Or, les Chouans ont besoin de poudre pour leurs fusils et leurs deux ou trois canons. Pourquoi ne pas se servir directement chez le producteur ?

Le 17 juin Pierre du Chélas est à l'attaque de la poudrerie du Pont-de-Buis.

L’opération est placée sous le commandement de Jean-Baptiste-Paul-Marie de Lantivy de Kerveno.

600 hommes furent choisis pour mener cette attaque dont ceux de Pierre du Chélas.
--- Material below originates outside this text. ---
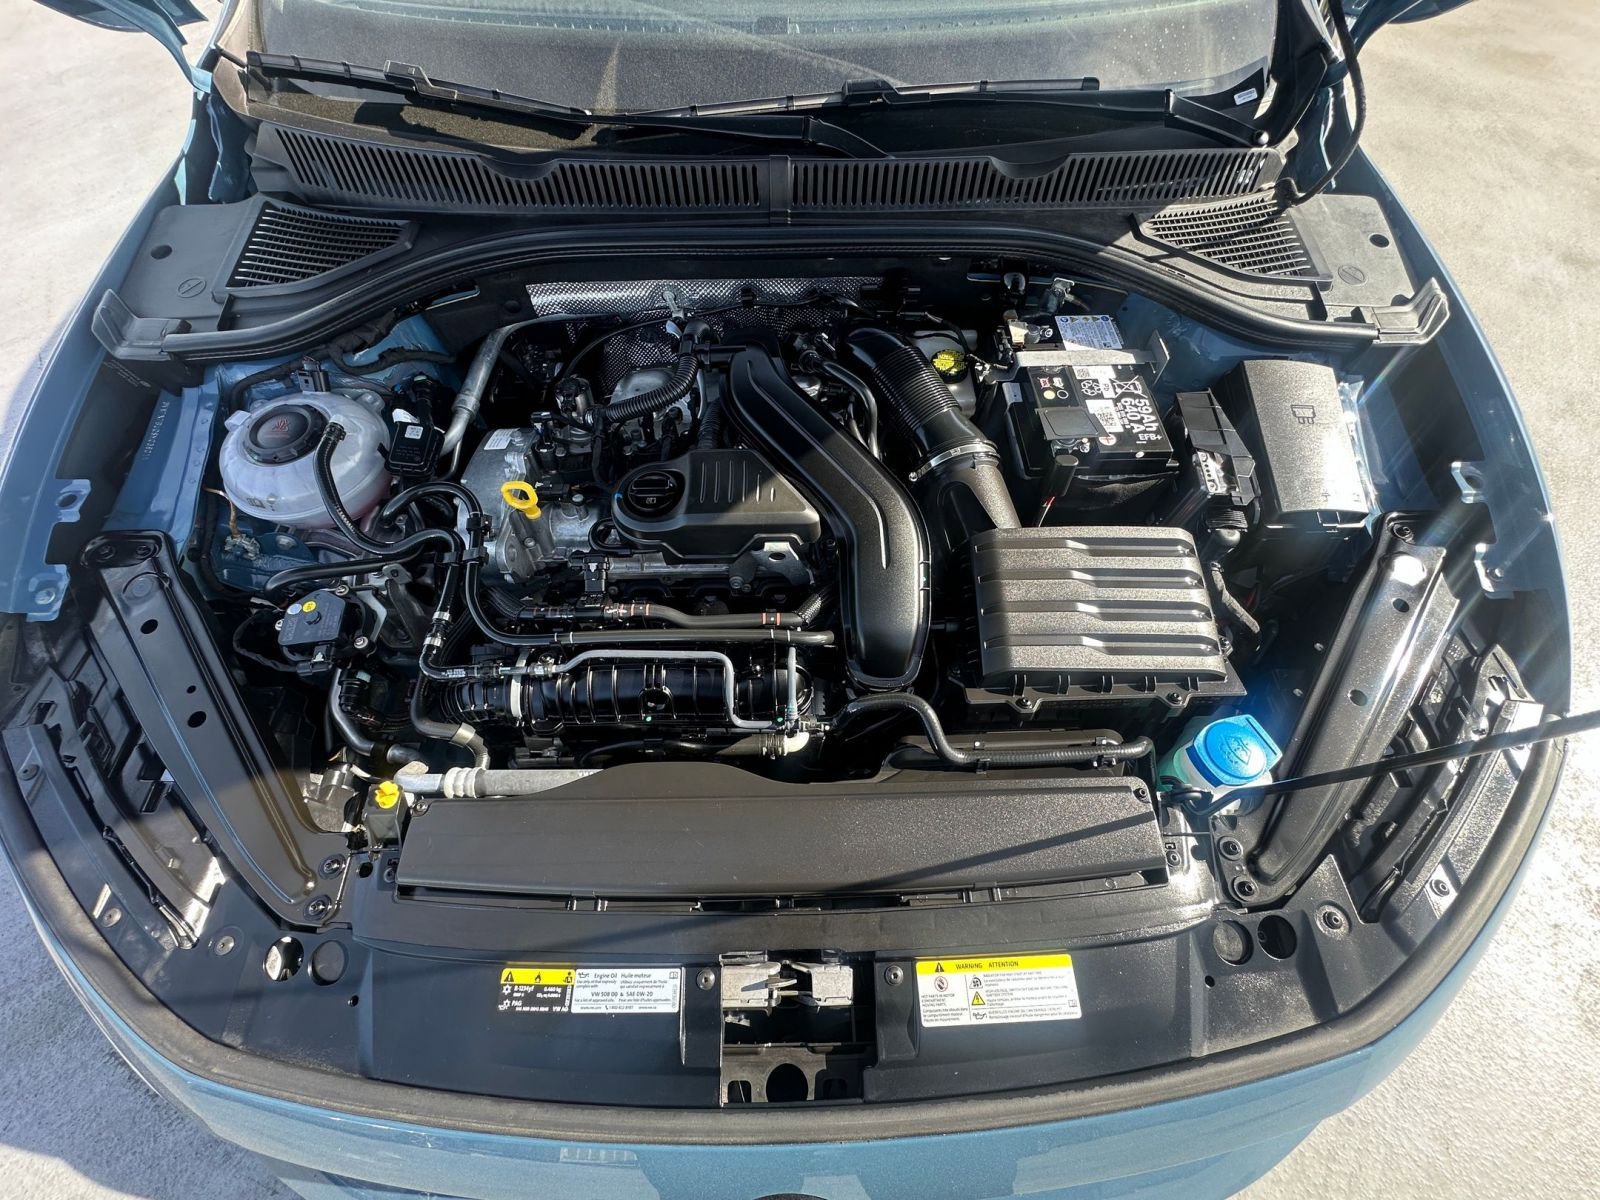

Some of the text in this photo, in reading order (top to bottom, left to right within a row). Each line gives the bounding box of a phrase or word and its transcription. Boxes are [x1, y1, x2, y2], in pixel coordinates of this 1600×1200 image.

[1121, 398, 1140, 420] 640
[1135, 399, 1159, 431] 59Ah
[1130, 423, 1145, 433] A
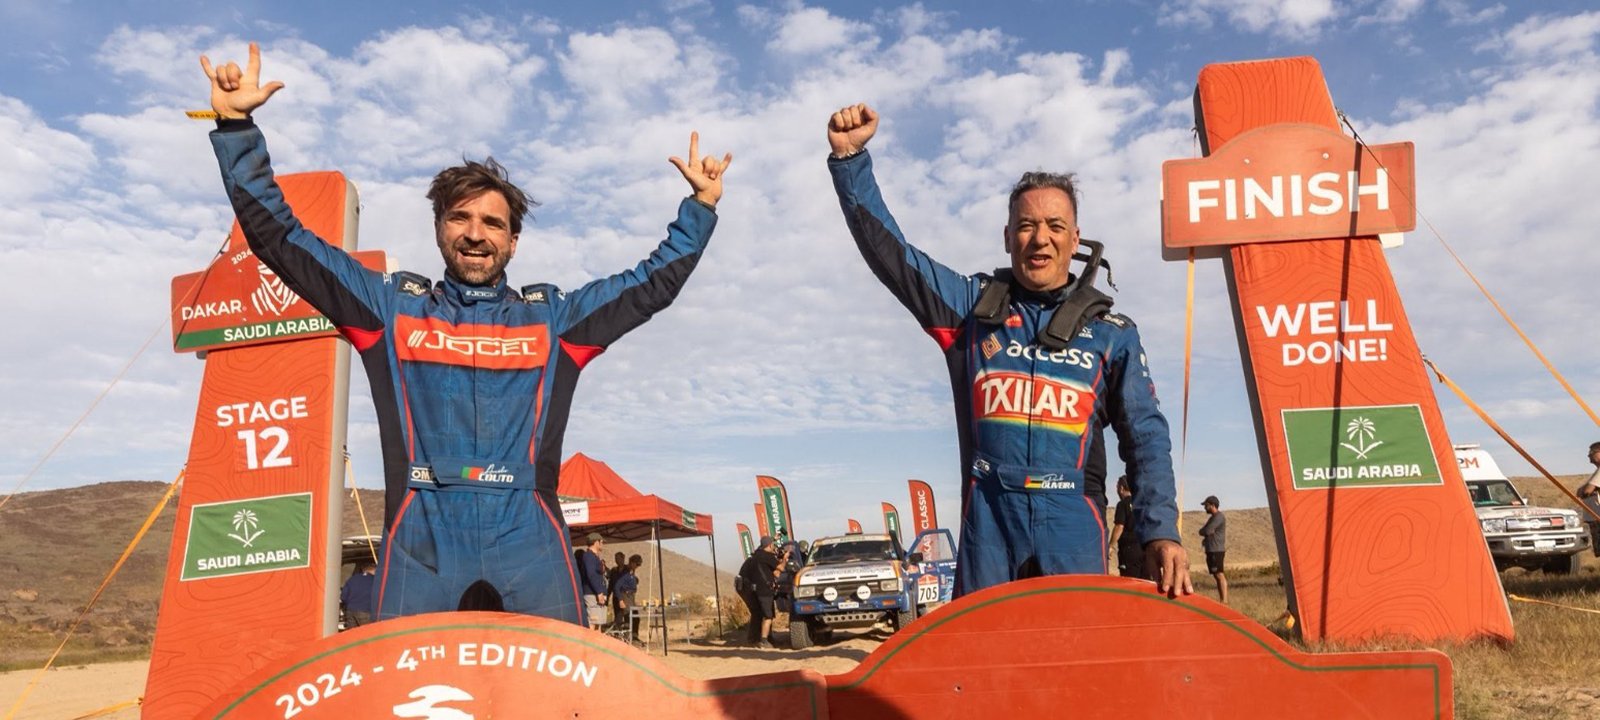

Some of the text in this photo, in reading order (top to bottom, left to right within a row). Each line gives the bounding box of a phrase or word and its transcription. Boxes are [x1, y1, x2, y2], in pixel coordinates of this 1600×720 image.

Le rassemblement des paroisses eu lieu à Guern et toute la troupe se dirigea à pied vers Pont-De-Buis sans être repérée par les Républicains. L'administration républicaine finit par être prévenue du mouvement de cette troupe ; 93 soldats partirent pour Guern afin de se renseigner auprès du prêtre jureur. Mais les Chouans l'avaient abattu pour qu'il ne les dénonce pas et quand les "Bleus" arrivèrent ils ne trouvèrent que son cadavre dans le presbytère. A la poudrerie, le commissaire Campourcy avait décidé de faire évacuer la poudre vers Brest mais lorsque qu'il voulut la faire partir vers 1 heure de l'après-midi, la poudrerie était déjà encerclée et les Chouans prirent le dépôt défendu par quelques invalides.
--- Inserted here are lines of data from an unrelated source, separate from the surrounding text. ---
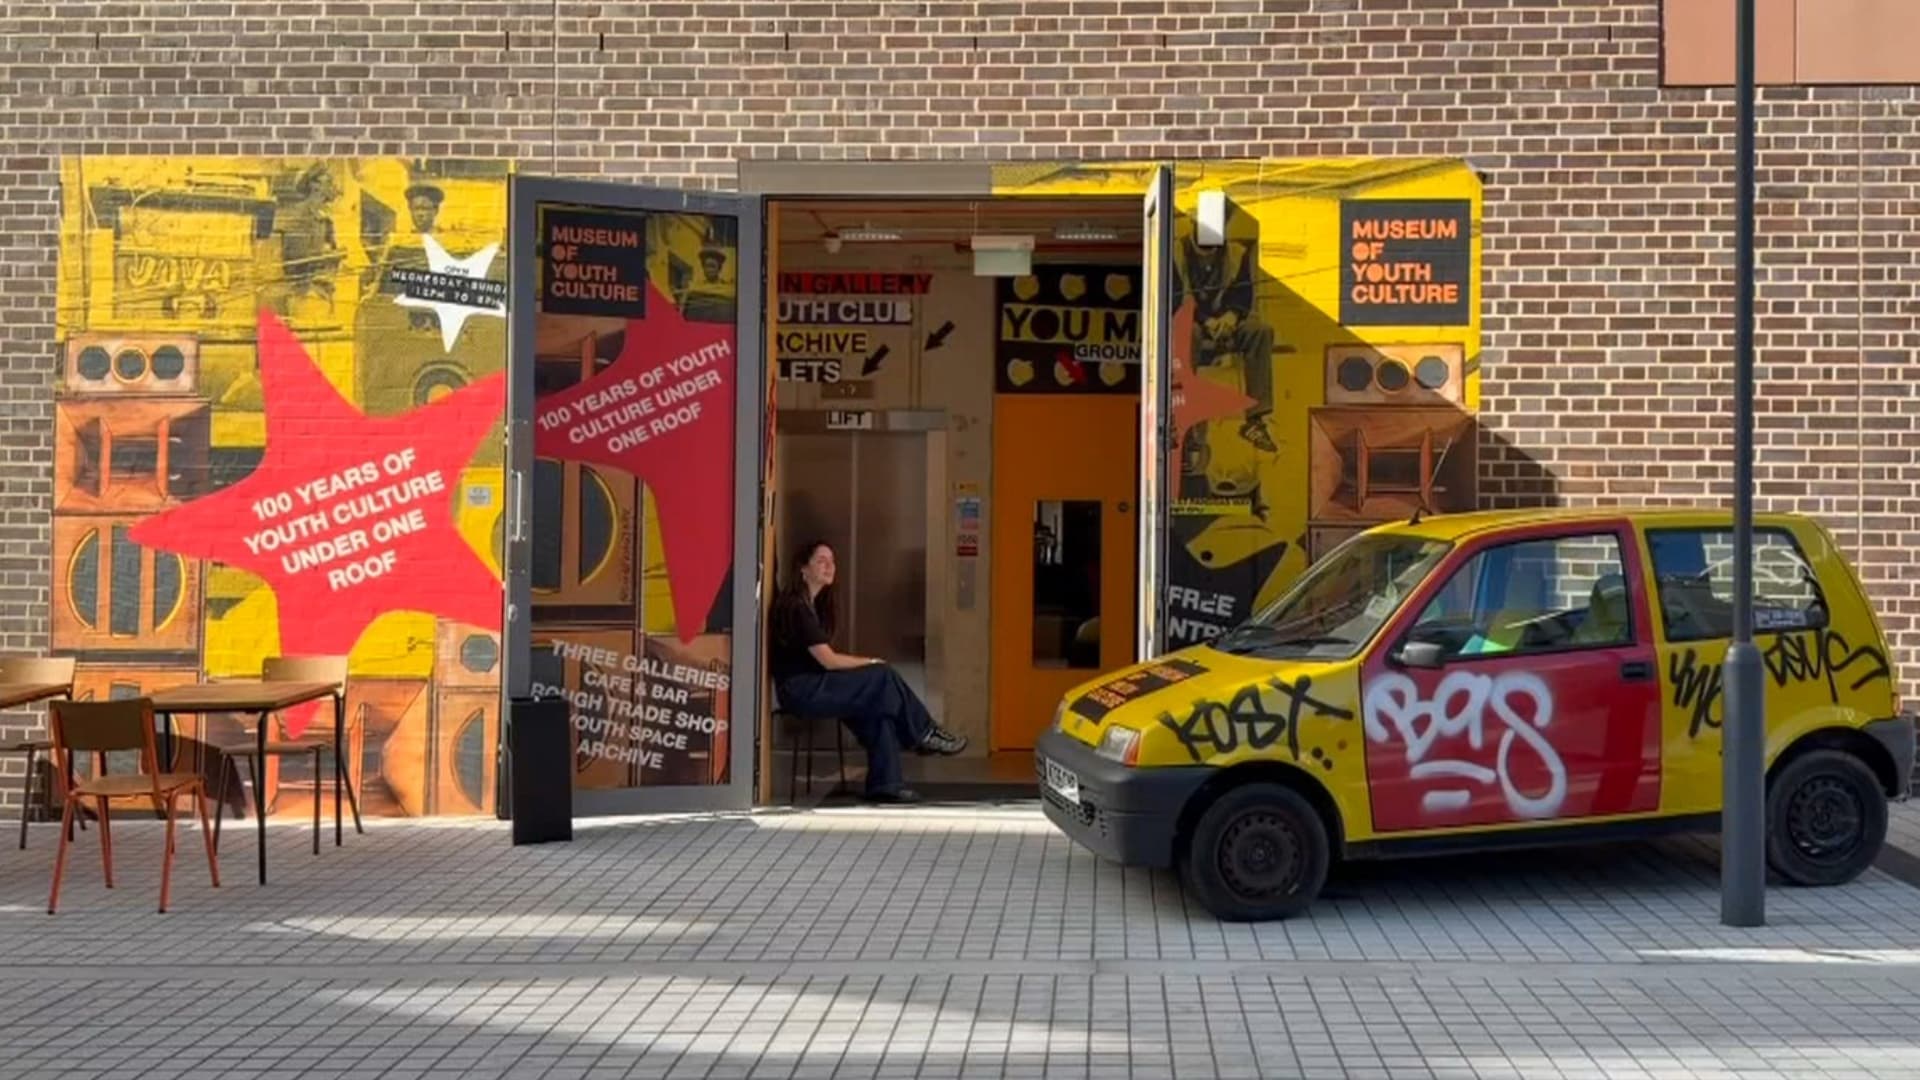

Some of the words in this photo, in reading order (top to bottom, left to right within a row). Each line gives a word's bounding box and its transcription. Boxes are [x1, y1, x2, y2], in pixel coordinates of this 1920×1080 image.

[552, 225, 638, 248] MUSEUM
[1352, 219, 1457, 239] MUSEUM
[552, 244, 578, 260] OF
[1352, 242, 1384, 261] OF
[552, 262, 617, 282] YOUTH
[778, 273, 799, 294] IN
[813, 273, 933, 294] GALLERY
[1351, 263, 1431, 282] YOUTH
[551, 281, 640, 302] CULTURE
[1351, 284, 1458, 304] CULTURE
[778, 301, 829, 322] UTH
[838, 301, 911, 322] CLUB
[1004, 308, 1090, 341] YOU
[1104, 311, 1141, 342] M
[1076, 344, 1140, 360] GROUN
[778, 361, 841, 383] LETS
[537, 406, 571, 431] 100
[571, 379, 638, 416] YEARS
[639, 367, 666, 389] OF
[666, 340, 731, 376] YOUTH
[569, 397, 655, 444] CULTURE
[656, 370, 722, 407] UNDER
[828, 411, 866, 425] LIFT
[607, 427, 650, 453] ONE
[650, 402, 702, 436] ROOF
[252, 492, 292, 520] 100
[295, 462, 380, 504] YEARS
[383, 448, 416, 475] OF
[243, 511, 329, 554] YOUTH
[333, 470, 445, 524] CULTURE
[281, 530, 369, 574] UNDER
[372, 509, 427, 543] ONE
[328, 550, 397, 591] ROOF
[1169, 615, 1227, 642] NTR
[552, 639, 618, 668] THREE
[623, 656, 731, 690] GALLERIES
[583, 671, 633, 693] CAFE
[634, 683, 648, 697] &
[652, 685, 688, 704] BAR
[607, 698, 672, 725] TRADE
[675, 711, 728, 735] SHOP
[629, 726, 688, 750] SPACE
[577, 739, 664, 769] ARCHIVE
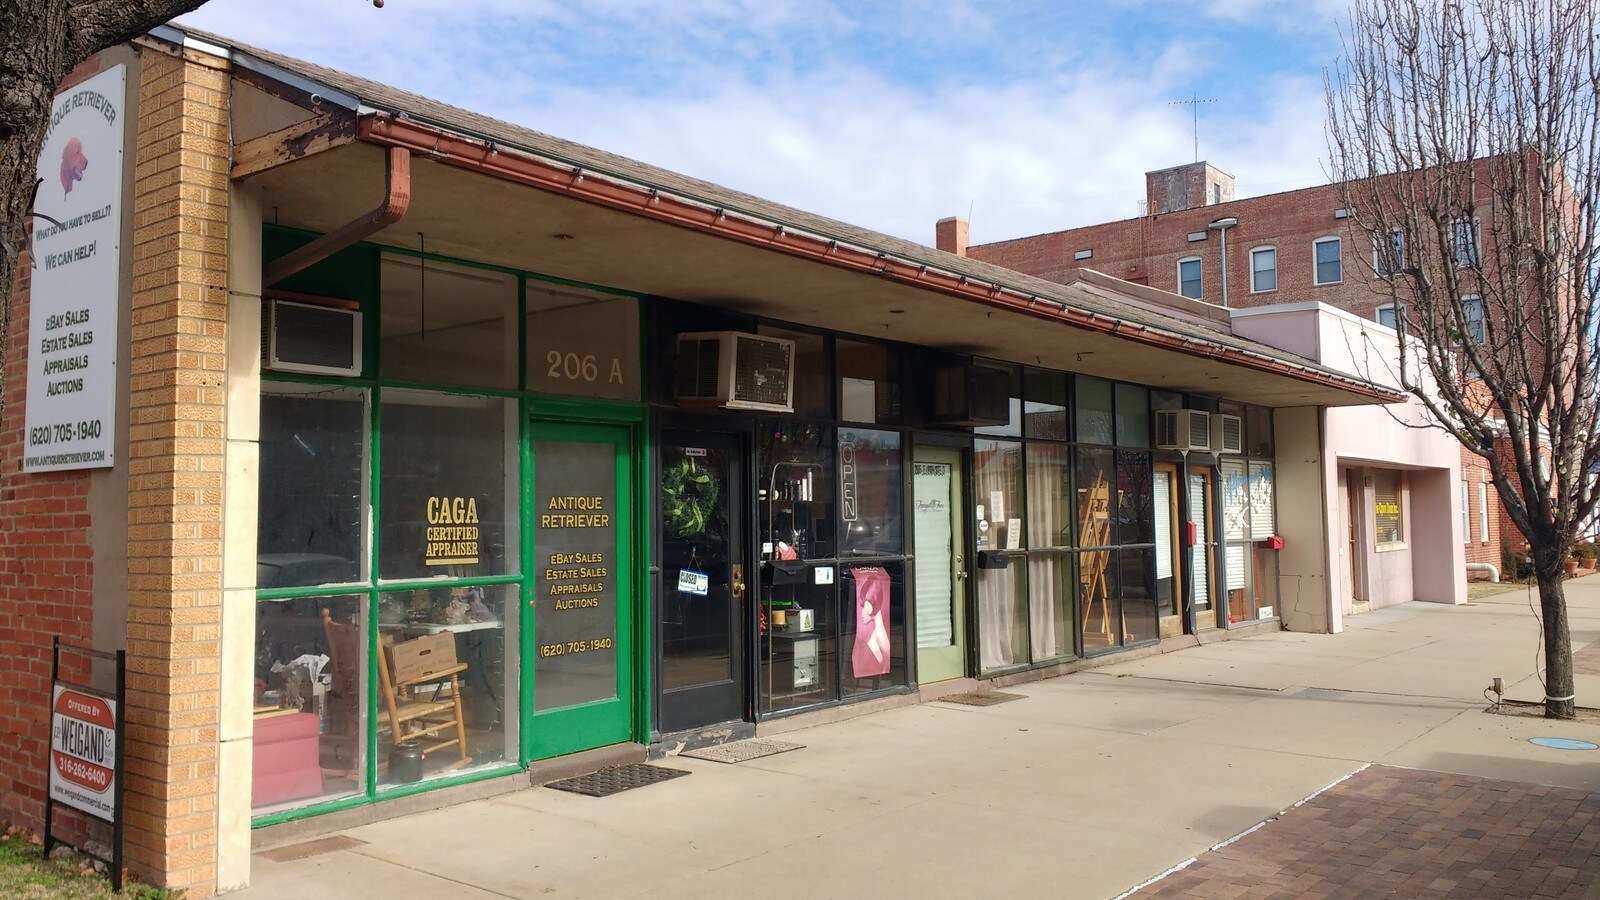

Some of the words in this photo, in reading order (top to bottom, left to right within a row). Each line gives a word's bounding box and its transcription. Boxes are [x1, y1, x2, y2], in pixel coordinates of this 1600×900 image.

Vers 4 heures, les attaquants repartirent par petits groupes, leur butin caché dans des charrettes sous des amas de foin. Les cavaliers "bleus" qui patrouillaient pour arrêter une troupe en marche avec de la poudre ne songèrent pas à arrêter ces charrettes isolées dont la première portait une fille du pays.

Les divisions de Lantivy, de Kerveno et de du Chélas se retrouvèrent à Langoëlan où se fit le partage. Pierre du Chélas et ses hommes cachèrent leur dotation de poudre derrière la boiserie du chœur de l'église du hameau du Merzer, à mi-chemin entre le Rest et Langoëlan. Peu de temps après, une patrouille de soldats républicains établit son bivouac dans la même église et manquèrent d'y faire tout sauter en faisant du feu.

Dix jours après le succès de Pont-de-Buis se déroule le débarquement de Carnac qui fut une réussite. On peut supposer que Du Chélas participa à la manœuvre qu'accomplit l'armée royaliste de l'Ouest pour isoler la baie de Quiberon et permettre le débarquement, étant donnée l'importance de sa division.

Plus dans La Revue de juin 2016 du Souvenir Chouan de Bretagne.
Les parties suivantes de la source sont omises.